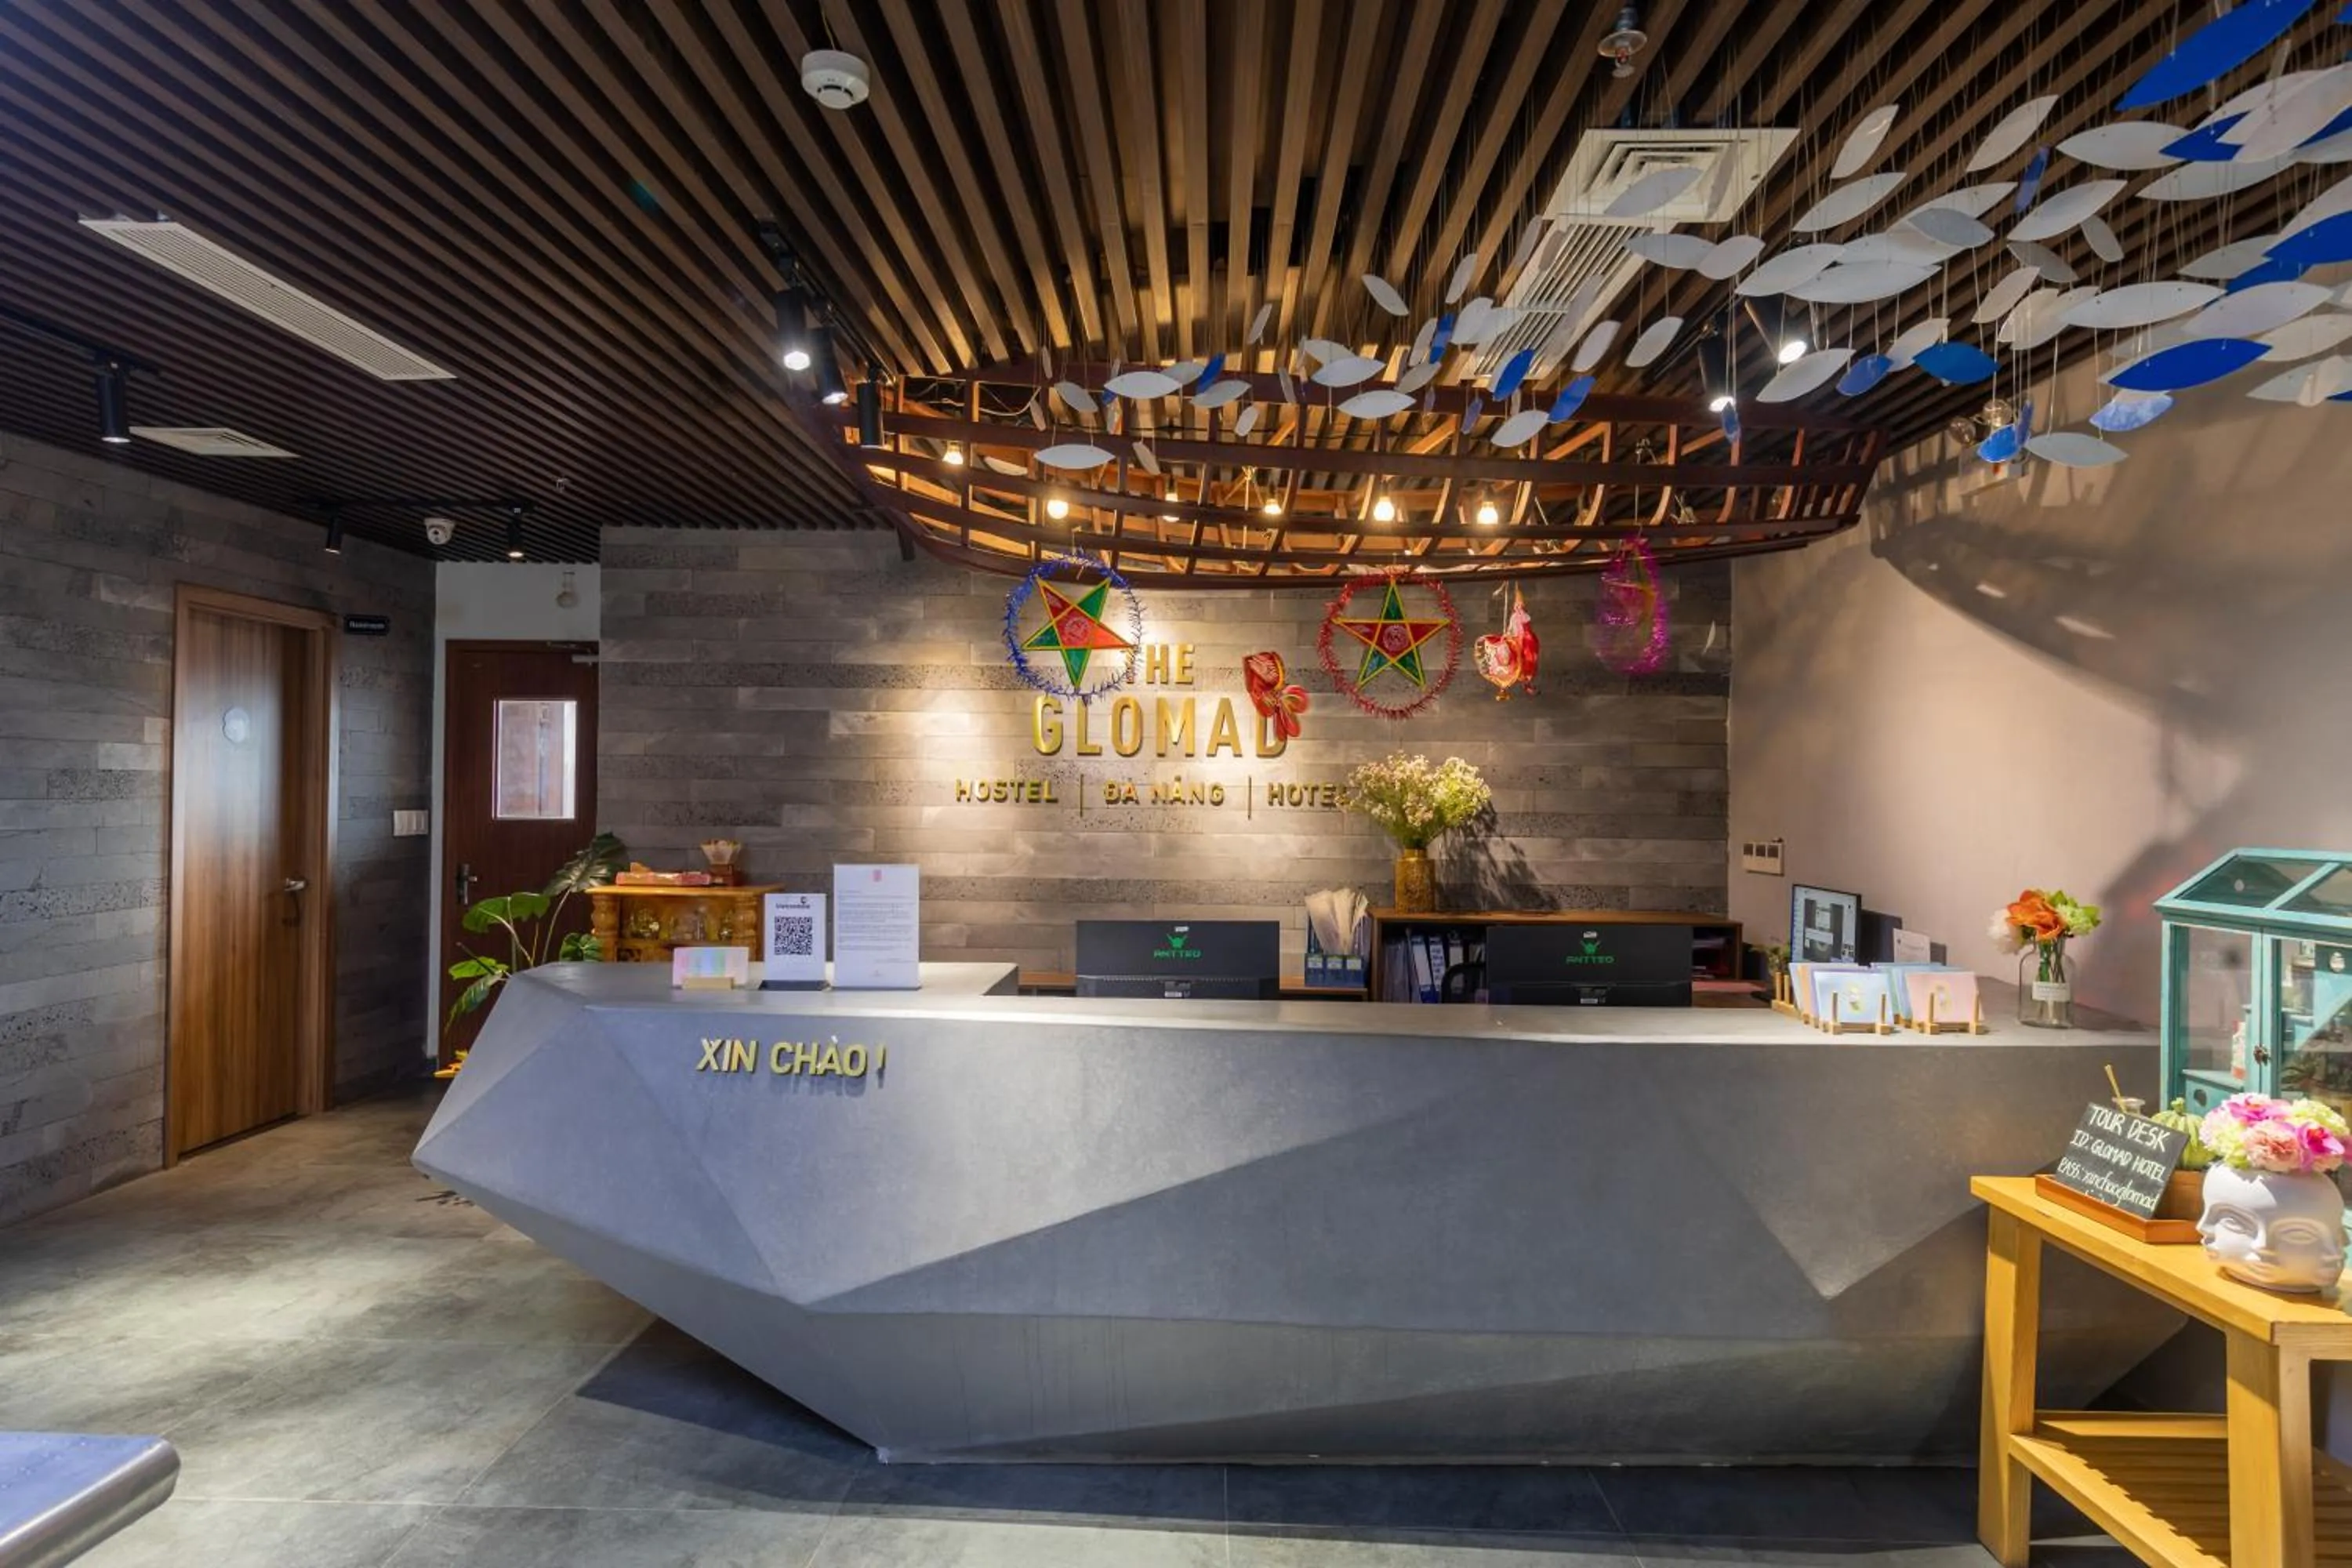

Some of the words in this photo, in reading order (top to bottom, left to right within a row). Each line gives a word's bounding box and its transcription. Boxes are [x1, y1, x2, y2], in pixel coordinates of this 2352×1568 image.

[1032, 695, 1287, 757] GLOMAD
[955, 779, 1058, 803] HOSTEL
[695, 1037, 758, 1073] XIN
[769, 1035, 868, 1078] CHÀO
[2089, 1105, 2125, 1136] TOUR
[2127, 1119, 2171, 1152] DESK
[2070, 1129, 2093, 1150] ID:
[2090, 1139, 2132, 1167] GLOMAD
[2132, 1155, 2166, 1183] HOTEL

**What you have to do**
Using the data above, print every line exactly, omitting pictures.

**Solution to the problem**
Some of the words in this photo, in reading order (top to bottom, left to right within a row). Each line gives a word's bounding box and its transcription. Boxes are [x1, y1, x2, y2], in pixel coordinates of this 2352×1568 image.

[1032, 695, 1287, 757] GLOMAD
[955, 779, 1058, 803] HOSTEL
[695, 1037, 758, 1073] XIN
[769, 1035, 868, 1078] CHÀO
[2089, 1105, 2125, 1136] TOUR
[2127, 1119, 2171, 1152] DESK
[2070, 1129, 2093, 1150] ID:
[2090, 1139, 2132, 1167] GLOMAD
[2132, 1155, 2166, 1183] HOTEL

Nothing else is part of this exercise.